The surge marks a 32% rally for gold in 2025 alone, outpacing equities, crypto, bonds—you name it. And while Wall Street grapples with the prospect of a politicized Fed, Main Street is buying gold like it's 1979 again. From Hong Kong to Zurich, and notably in Shanghai, demand has exploded. Even central banks, traditionally cautious, are hoarding gold to hedge against what some are calling a once-in-a-generation breakdown of faith in U.S. leadership.
Trump’s latest outburst wasn’t just campaign rhetoric. It hit a market already nervous about economic fragility, spiraling deficits, and a weaponized dollar that’s left many foreign governments wary. Now, the very foundation of global finance—the belief in the relative safety of U.S. assets—is being called into question.
According to analysts at Jefferies, “gold is now the only true safe haven left.” Normally, when markets panic, money floods into Treasuries. But not this time. With yields whipsawing and Washington’s fiscal credibility teetering, investors are opting out of the dollar game entirely. Instead, they’re going back to basics: a shiny yellow rock that’s outlived every fiat system in history.

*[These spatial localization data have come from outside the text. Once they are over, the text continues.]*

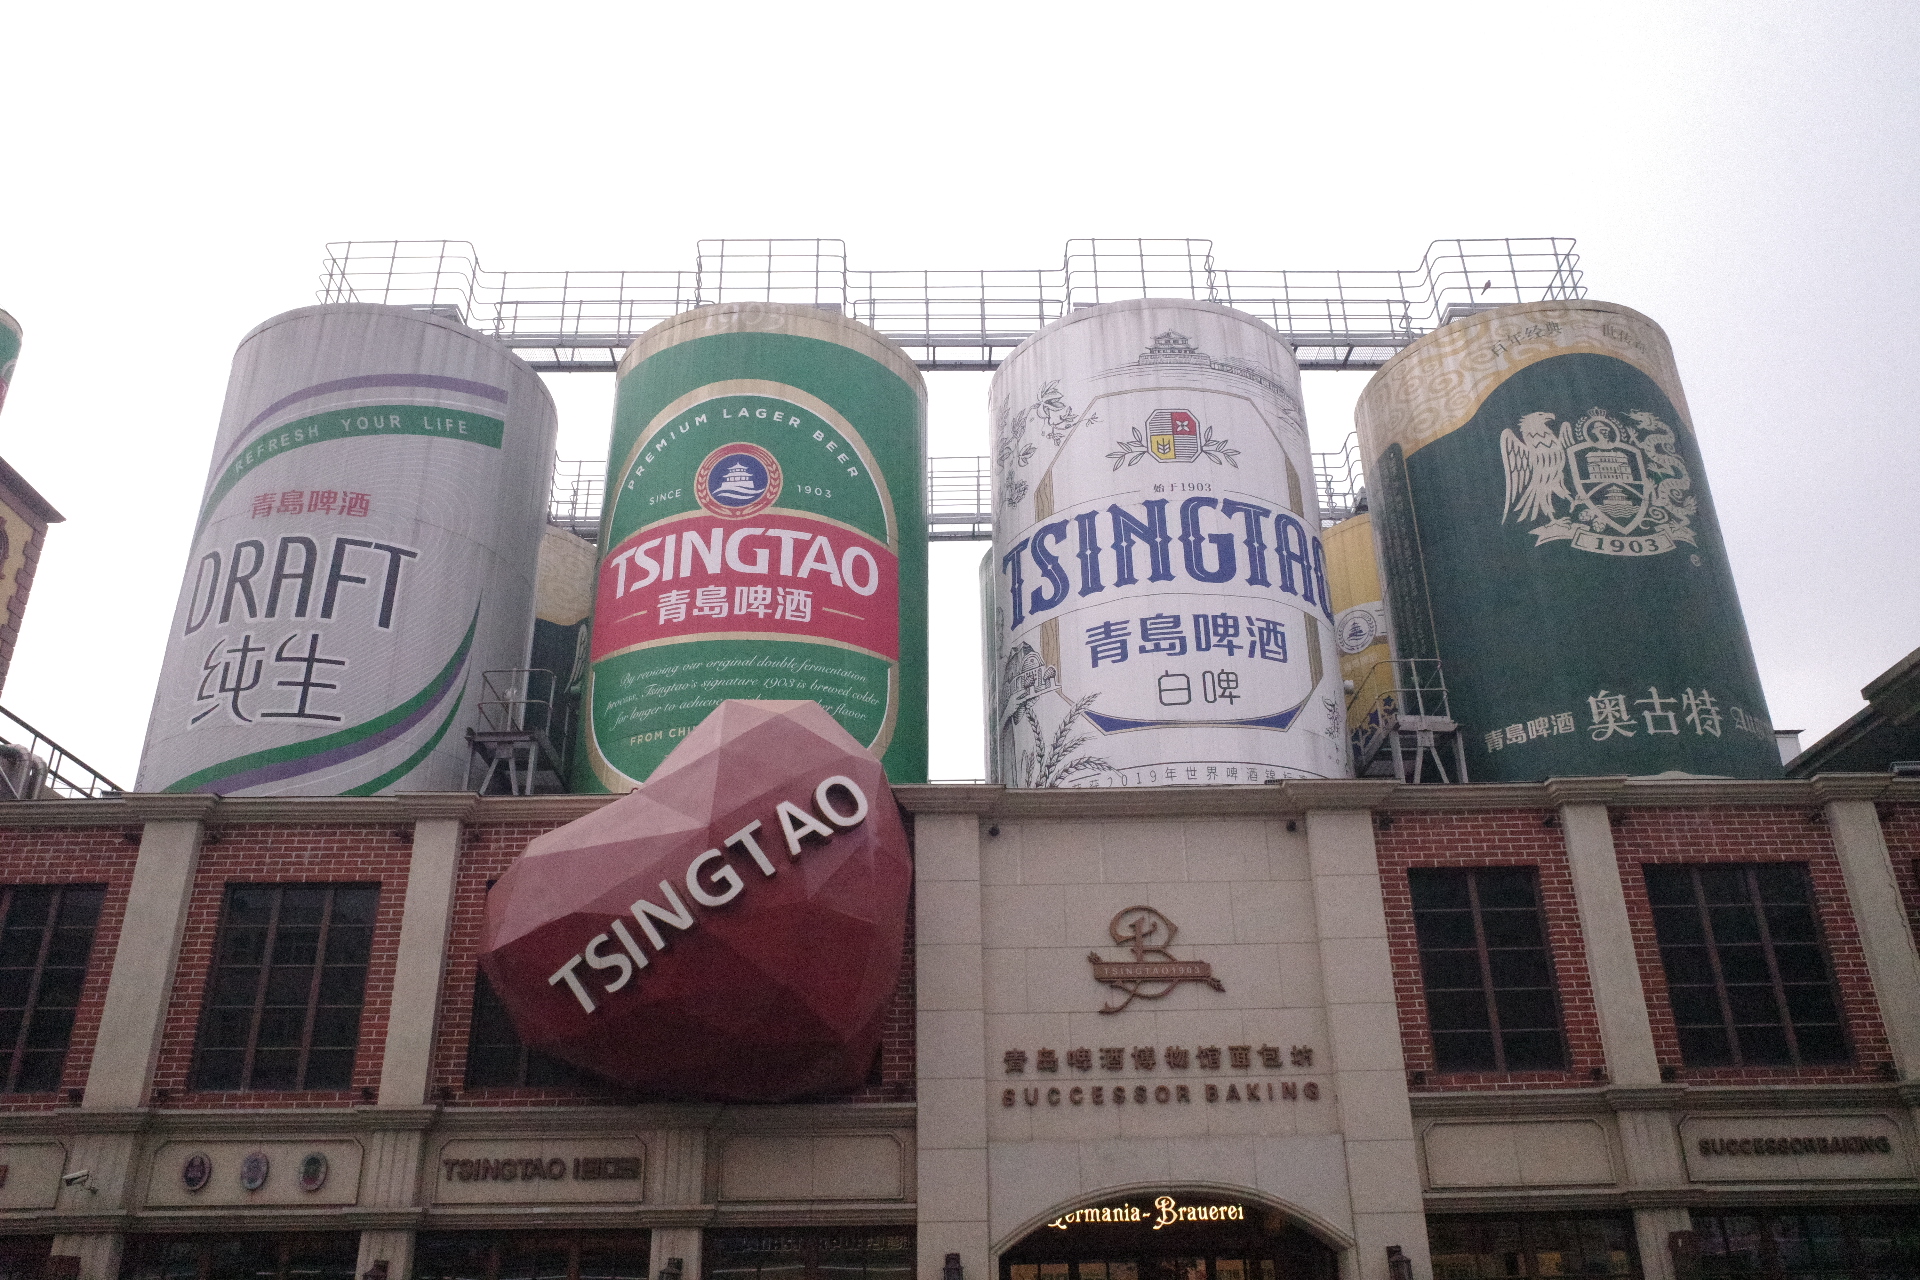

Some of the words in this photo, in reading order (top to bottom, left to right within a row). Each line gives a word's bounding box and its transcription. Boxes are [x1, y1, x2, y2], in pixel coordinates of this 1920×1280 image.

[234, 424, 320, 474] REFRESH
[340, 414, 402, 432] YOUR
[422, 416, 469, 435] LIFE
[627, 413, 708, 491] PREMIUM
[722, 406, 801, 429] LAGER
[812, 429, 860, 479] BEER
[648, 487, 683, 506] SINCE
[796, 483, 833, 499] 1903
[609, 527, 879, 600] TSINGTAO
[1002, 496, 1336, 631] TSINGTAO
[1594, 537, 1660, 554] 1903
[183, 535, 419, 637] DRAFT
[656, 584, 814, 626] 青島啤酒
[1084, 612, 1290, 669] 青島啤酒
[190, 632, 346, 726] 纯生
[682, 662, 705, 671] our
[705, 655, 758, 671] original
[756, 655, 798, 671] double
[791, 659, 868, 683] fermentation
[1157, 668, 1241, 707] 白啤
[701, 676, 759, 691] signature
[763, 676, 795, 689] 1903
[797, 679, 807, 690] is
[810, 679, 853, 697] brewed
[852, 691, 880, 706] colder
[608, 711, 630, 731] for
[630, 706, 662, 721] longer
[664, 704, 676, 712] to
[1483, 710, 1577, 753] 青島啤酒
[1586, 685, 1724, 742] 奥古特
[629, 730, 663, 747] FROM
[547, 774, 869, 1015] TSINGTAO
[1002, 1084, 1191, 1108] SUCCESSOR
[1204, 1081, 1320, 1102] BAKING
[443, 1157, 567, 1182] TSINGTAO

Lee Liang Le at Kallanish Index Services put it even more bluntly: “The ‘Trump Trade’ has evolved into a ‘Sell America’ trade.” She’s not alone in that thinking. Banks like Goldman Sachs are scrambling to keep up with bullion’s blistering pace. The firm now sees gold hitting $4,000 by mid-2026, driven by a toxic cocktail of Fed interference, dollar weakness, and global demand.
Behind the scenes, the rally has been building for months. Since early 2024, central banks began quietly shifting away from the dollar, wary of sanctions and looking to de-risk. That move accelerated after a wave of geopolitical flare-ups and monetary shocks, culminating in this week’s Trump vs. Powell showdown. With U.S. Treasuries no longer the go-to panic button, gold’s appeal has become irresistible.

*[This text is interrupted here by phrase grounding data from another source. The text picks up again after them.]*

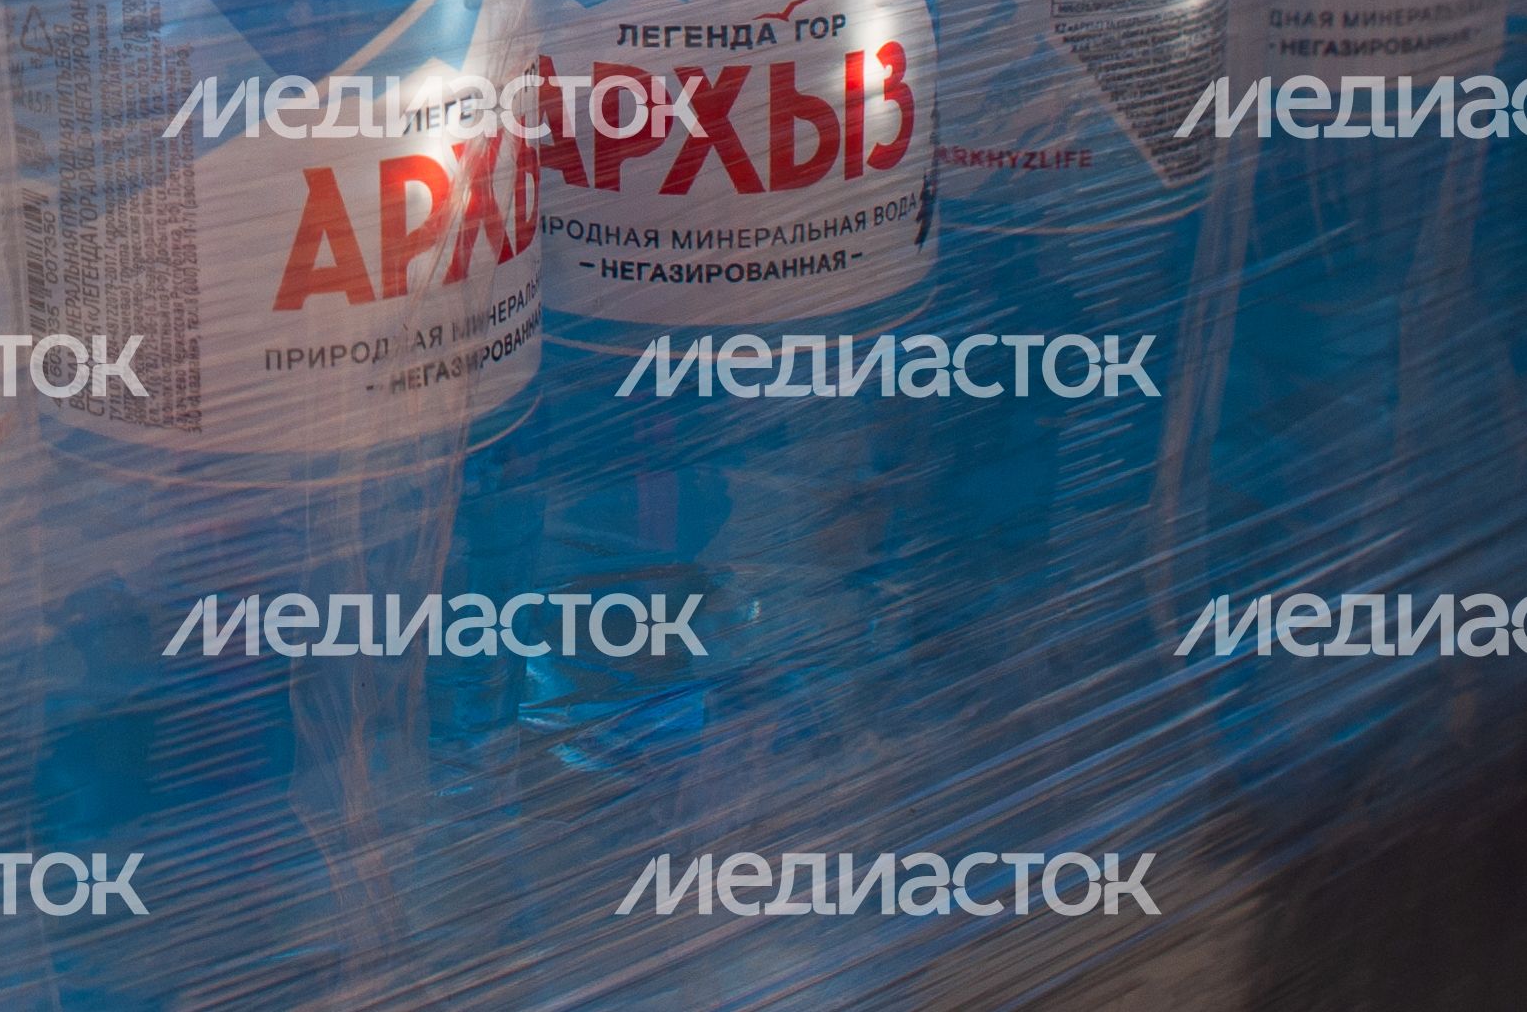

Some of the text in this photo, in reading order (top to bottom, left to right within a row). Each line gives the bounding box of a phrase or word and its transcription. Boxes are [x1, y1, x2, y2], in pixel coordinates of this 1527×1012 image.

[52, 23, 73, 115] ПИТЬЕВАЯ
[617, 13, 847, 50] ЛЕГЕНДА ГОР
[539, 41, 915, 195] АРХЫЗ
[56, 117, 80, 227] ПРИРОДНАЯ
[42, 210, 58, 284] 007350
[672, 211, 867, 250] МИНЕРАЛЬНАЯ
[874, 192, 918, 228] ВОДА
[61, 229, 84, 360] ИНЕРАЛЬНАЯ
[265, 323, 443, 372] ПРИРОДАЯ

And the excitement isn’t confined to metal bars or ETFs. Gold miners are riding the wave. Zijin Mining, one of China’s largest metal producers, saw shares spike more than 6% Tuesday, bringing its 2025 gains north of 25%. The rally is lifting an entire sector that’s long struggled to shine in the era of digital disruption and passive investing.

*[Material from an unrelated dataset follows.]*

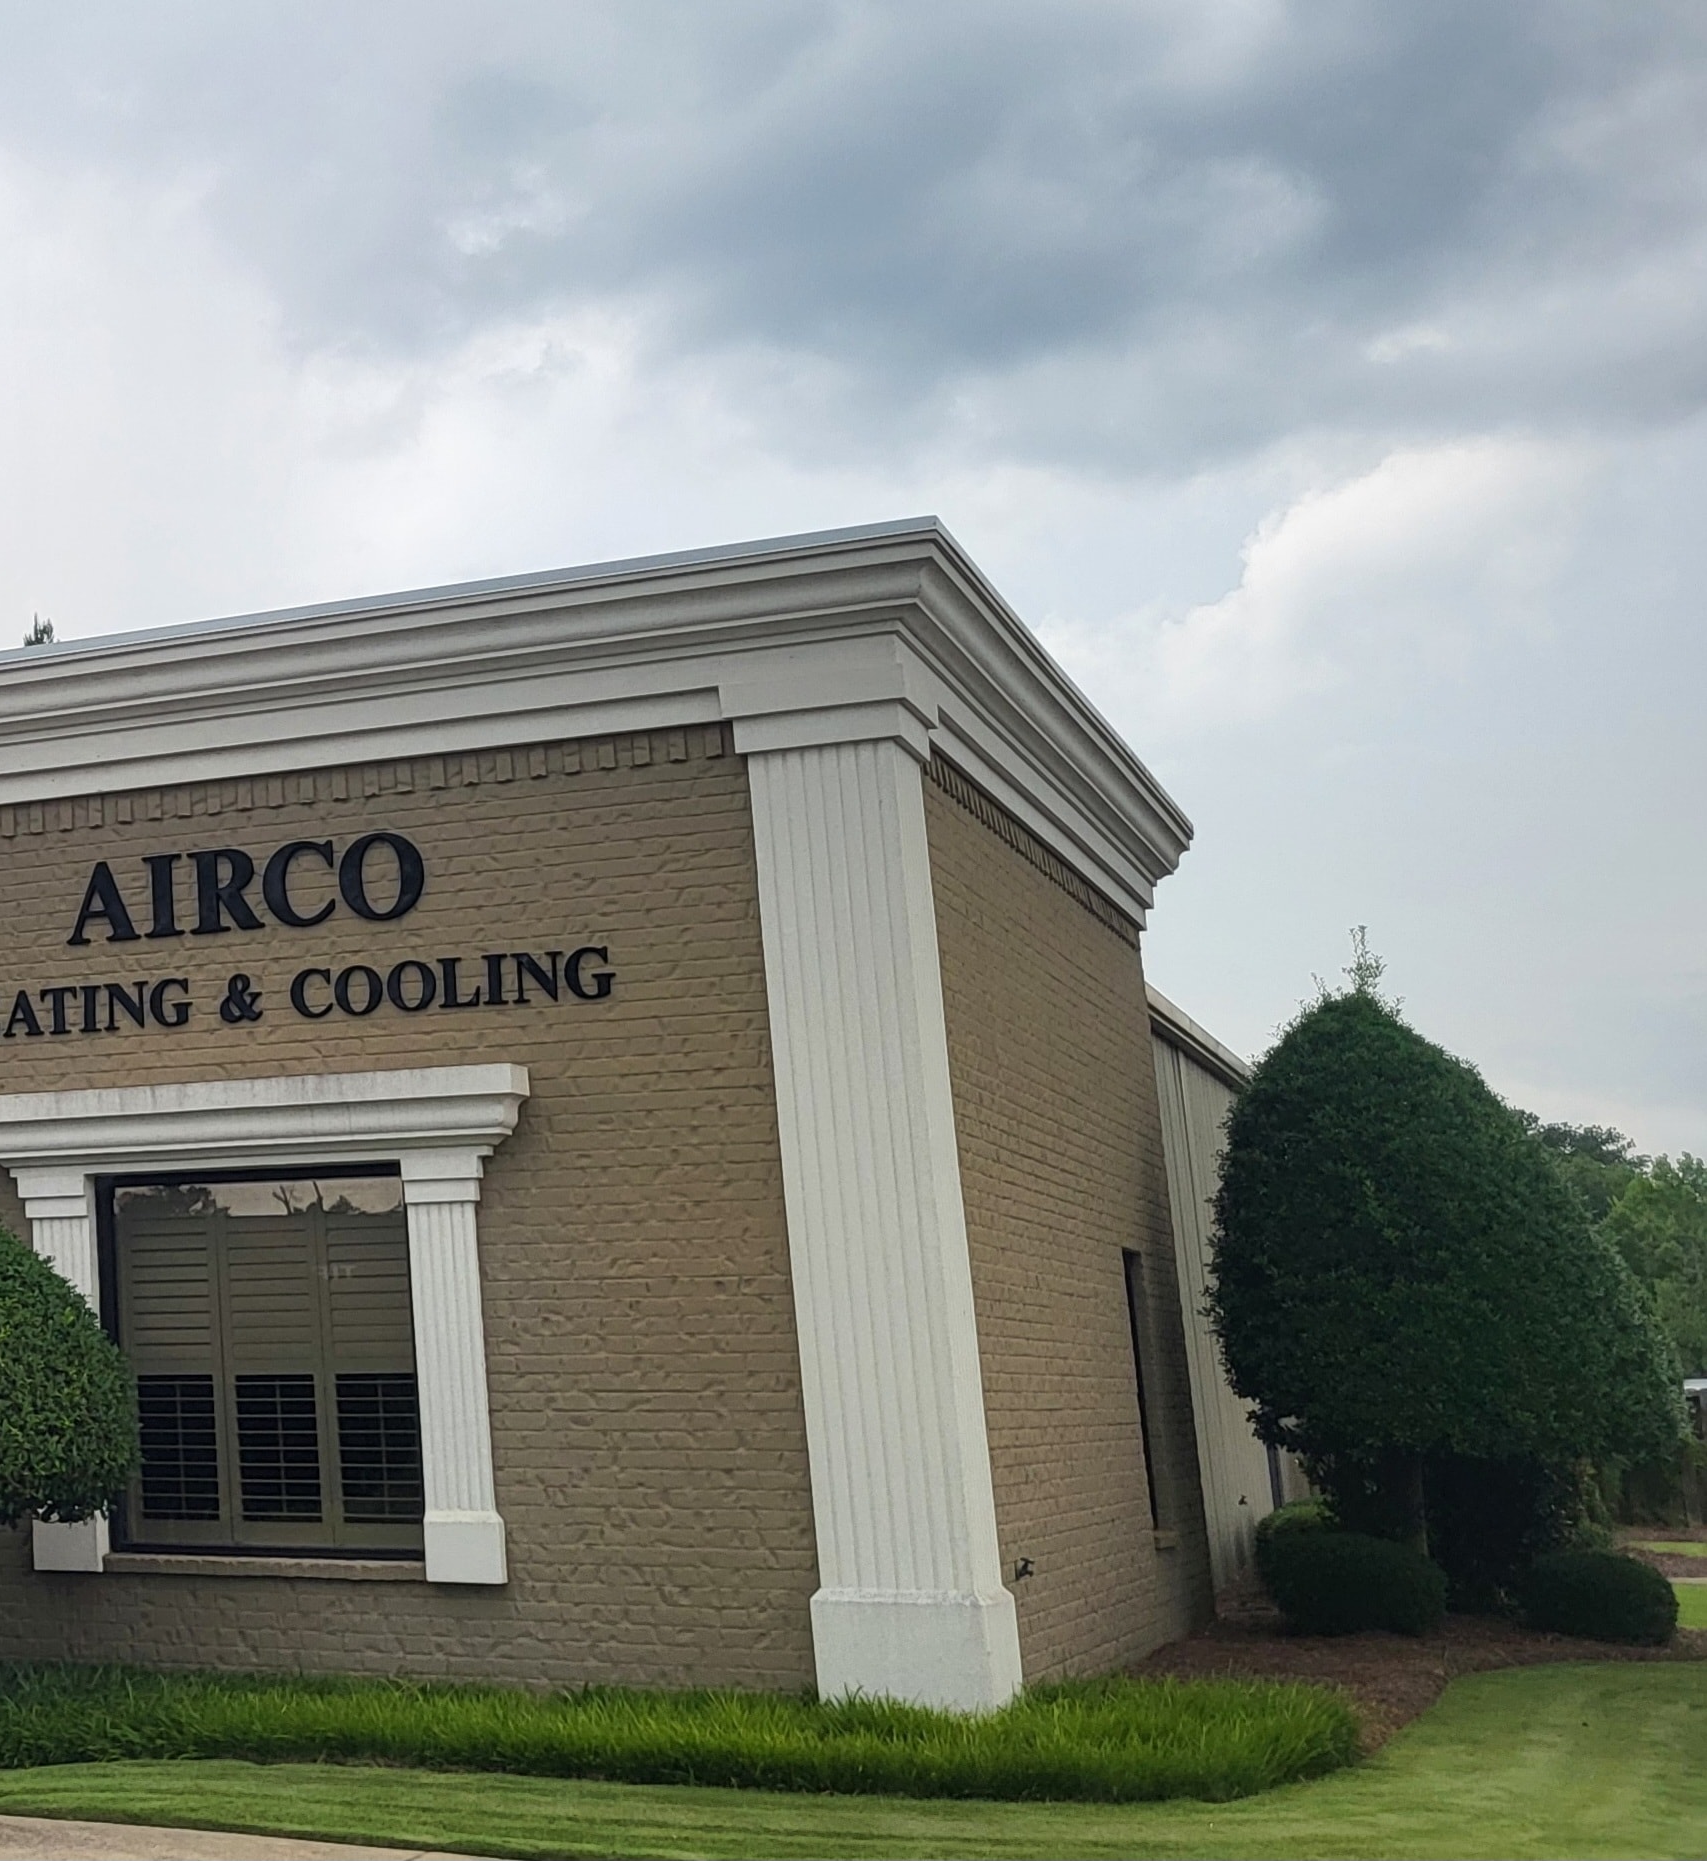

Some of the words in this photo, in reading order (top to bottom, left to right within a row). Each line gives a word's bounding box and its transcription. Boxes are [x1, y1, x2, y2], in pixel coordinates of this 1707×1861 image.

[66, 829, 425, 946] AIRCO
[219, 972, 264, 1024] &
[289, 946, 616, 1019] COOLING

But before the gold bugs pop champagne, a word of caution. The rally’s intensity is triggering technical red flags. Gold’s 14-day relative-strength index, a measure of how overbought an asset may be, recently topped 78—well beyond the usual threshold of 70. According to Bloomberg’s Ven Ram, “bullion is extremely overbought in the short term, which makes it ripe for a correction.” Still, he adds, don’t confuse short-term froth with medium-term firepower. As long as global uncertainty remains high—and it does—gold will continue to glisten.
Silver stayed steady on Tuesday, while platinum and palladium nudged higher. Yet it's clear which metal has captured the world’s imagination—and portfolio flows. Gold isn’t just a commodity anymore. It’s a referendum on the world’s faith in American leadership, independence of its institutions, and the sanctity of the almighty dollar.
With Trump barreling toward the Republican nomination and threatening to reshape the Fed, investors are bracing for more volatility. If Powell goes, it’s not just a changing of the guard—it’s a seismic shock to monetary credibility. And in that kind of world, gold doesn’t just shine. It blinds.
Conclusion
Gold at $3,500 is no accident. It’s a signal, a scream, and a siren rolled into one. Markets aren’t just betting on inflation or deflation. They’re hedging against chaos—political, economic, and institutional. Trump’s assault on the Fed didn’t start this gold rush, but it sure as hell accelerated it. And if this is just the beginning, $4,000 might not be the ceiling—it could be the new floor.